## What you are asked to do
Quote all of the data exactly as given. Skip every picture it contains.

## Extracted entries
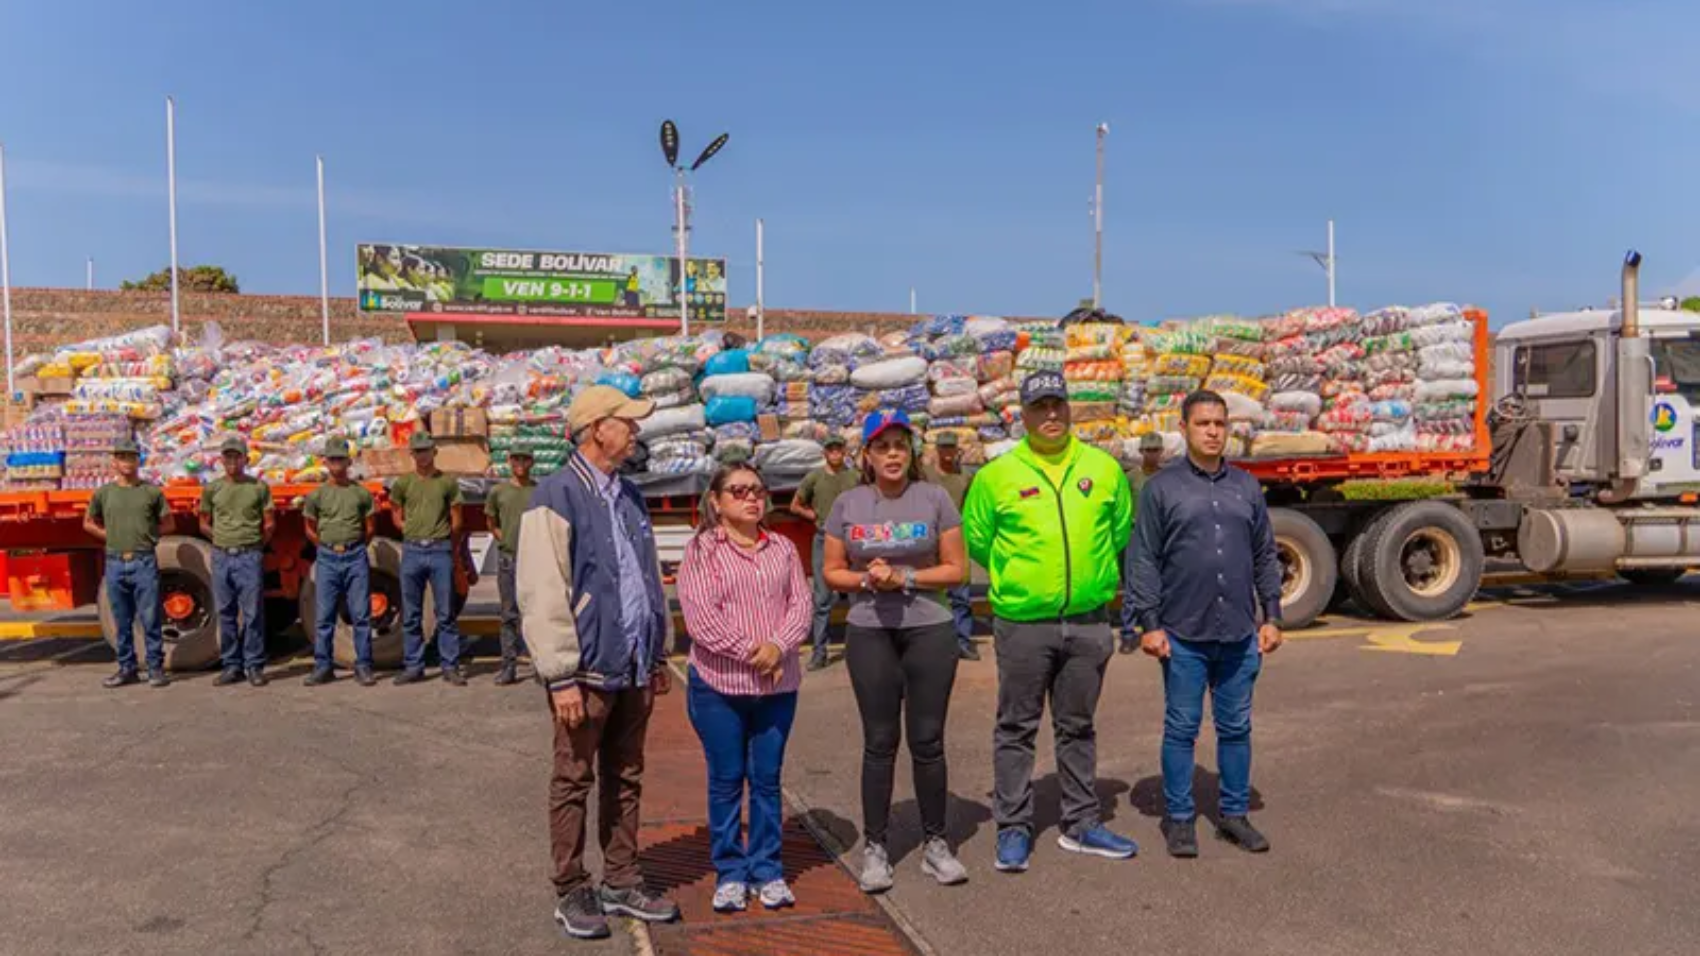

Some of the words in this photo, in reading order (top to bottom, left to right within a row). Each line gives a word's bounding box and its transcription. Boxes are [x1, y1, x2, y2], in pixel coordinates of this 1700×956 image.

[482, 252, 534, 269] SEDE
[540, 253, 622, 271] BOLÍVAR
[503, 280, 544, 296] VEN
[550, 282, 591, 299] 9-1-1
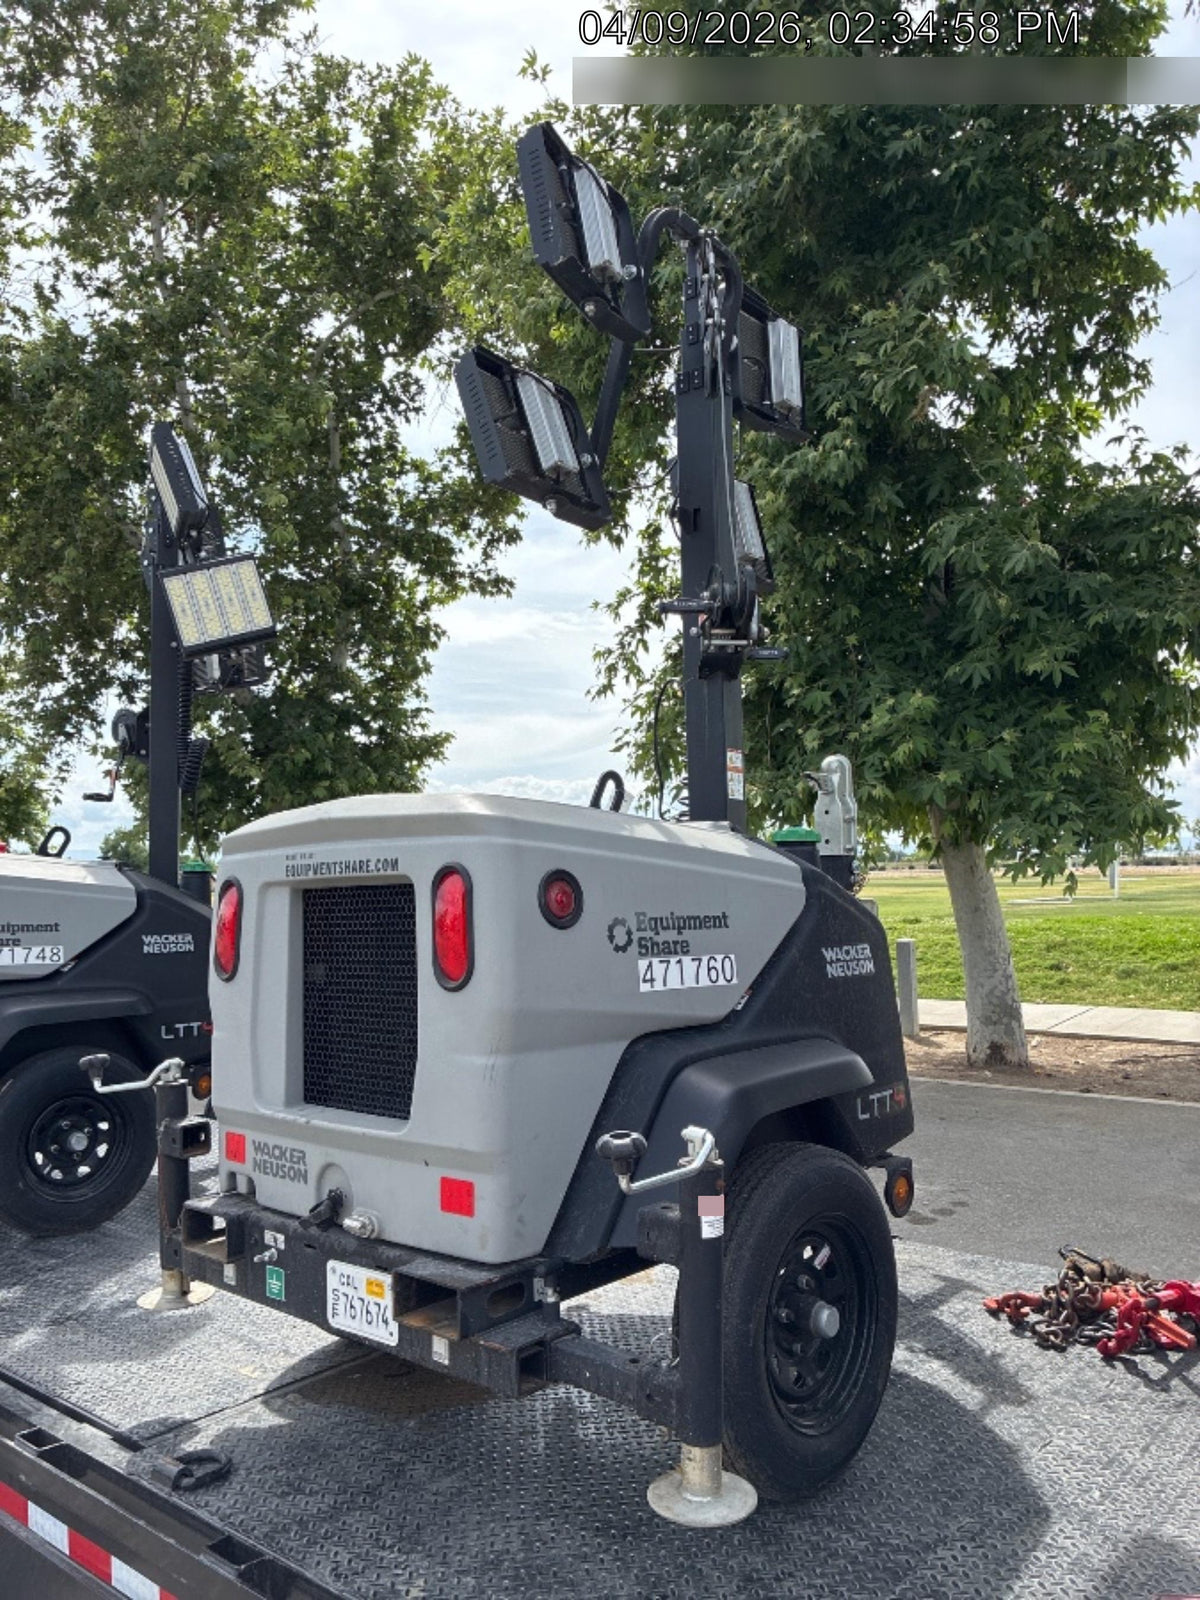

## Exercise response
Some of the words in this photo, in reading order (top to bottom, left to right within a row). Each line gives a word's bounding box and its transcription. Boxes are [x1, y1, x2, y2], in pixel coordinates of this 1700×956 image.

[482, 252, 534, 269] SEDE
[540, 253, 622, 271] BOLÍVAR
[503, 280, 544, 296] VEN
[550, 282, 591, 299] 9-1-1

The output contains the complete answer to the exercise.